Contemplative photographer begs me to soften my gaze even. Things I might have ignored before, I see now. I look up, down, around. . . . . I notice color, shape, texture, pattern. And at times, I try to see “meaning.” I think that’s the English teacher/literary scholar in me coming out at times.

I would like you join me over the next few weeks to explore the ideas from Paintner’s book with me. You can Facebook me, or comment below. I’ll be here.

ReFrame

There are times I live within a frame. In a speech communications course I taught in the past, we discussed that we have a “frame of reference” that influences how we all communicate and how we receive communications. Included in that frame are our family backgrounds and experiences, our education background, socioeconomic class, values, religious/spiritual beliefs, cultural background, and a host of other influences. These things affect the way we see the world as well.

IMG_5328

I am in need of reframing things. I noticed that I have not posted anything in over a month. I’ve written nothing since July 24. It seems longer than that. So much has happened in the last month and a week: my father had two hospitalizations; I taught four sections of English Composition and Written Communication; my father passed away; a close friend, cousin, and neighbor (same person—all of the above) also passed away suddenly. Although I have been on a short hiatus from teaching, it seems that time has slowed down.

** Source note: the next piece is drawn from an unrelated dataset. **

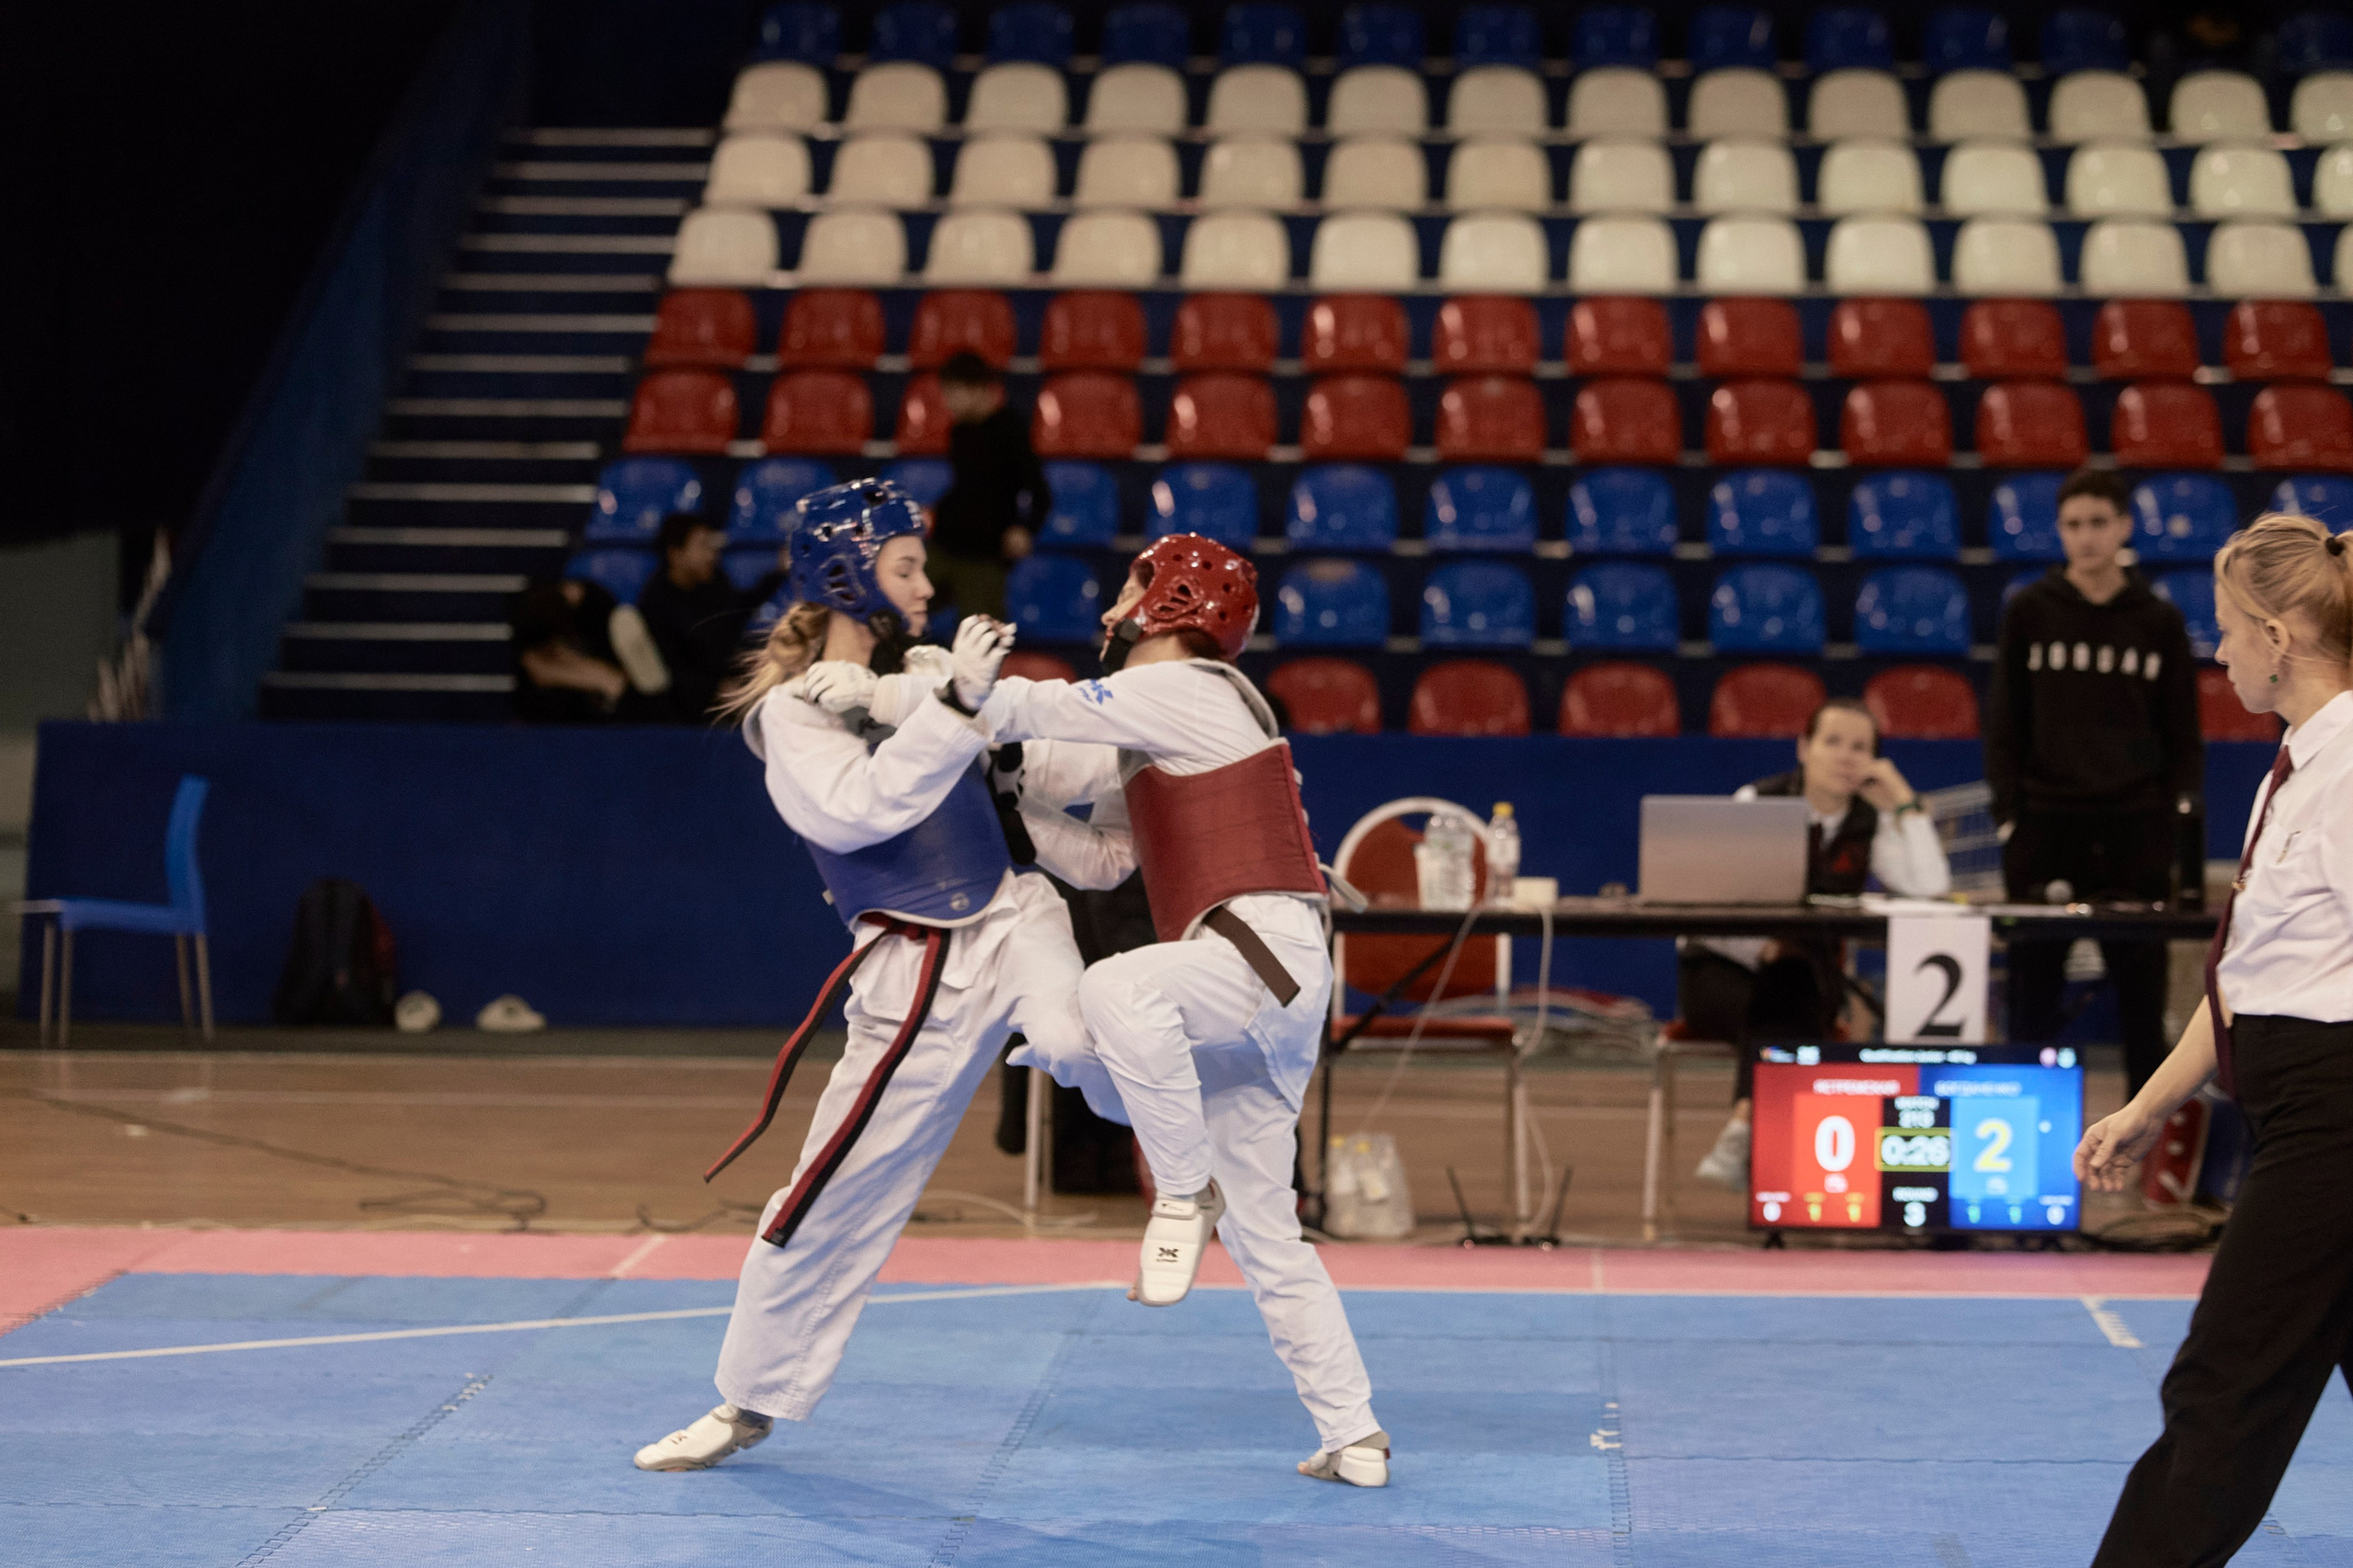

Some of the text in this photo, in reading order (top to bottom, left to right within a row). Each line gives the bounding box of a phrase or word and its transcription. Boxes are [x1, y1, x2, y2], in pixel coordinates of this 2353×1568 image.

[1914, 951, 1964, 1037] 2
[1814, 1115, 1856, 1173] 0
[1881, 1134, 1950, 1166] 0:26
[1972, 1118, 2013, 1173] 2

I admit that my grief has held me back. I have not wanted to see the world and its wonders and gifts. I admit that I have been merely putting one foot in front of the other and doing only those things that must be done. But now, I feel the call to move forward and to do something to move forward. It is time to “reframe.”

We all know what a frame is: it is a square or rectangle or circle or whatever shape that you want to enclose something, usually something like a picture or painting or photograph or perhaps even a certificate, a letter, a first paycheck. . . . The frame encloses it. In photographic language, the frame is what we see when we look through the view finder of the camera. We look at the world through a frame that includes and excludes things.

Sometimes, I see the same things. During the last two weeks, I have seen the world through the frame of grief. As a wise physician’s assistant told me when he declared that my arm had healed, it is time to start living again. The wound has healed over; now it is time to get back into the world. Thus, I begin to reframe.

untitled-5

Google definitions points out two meanings of reframe: “1. to place (a picture or photograph) in a new frame; 2. frame or express (words or a concept or plan) differently.” Over the next several weeks, my plan for this space is to reframe it as I begin to reframe my vision of the world, not through the frame of grief, although I admit that I am not through grieving, but through eyes that will celebrate the beauty of every day life—even when the beauty is framed with grieving.

During September, and perhaps even into October, I am exploring what it means to see and to express life differently. I hope that you will join me in this new time.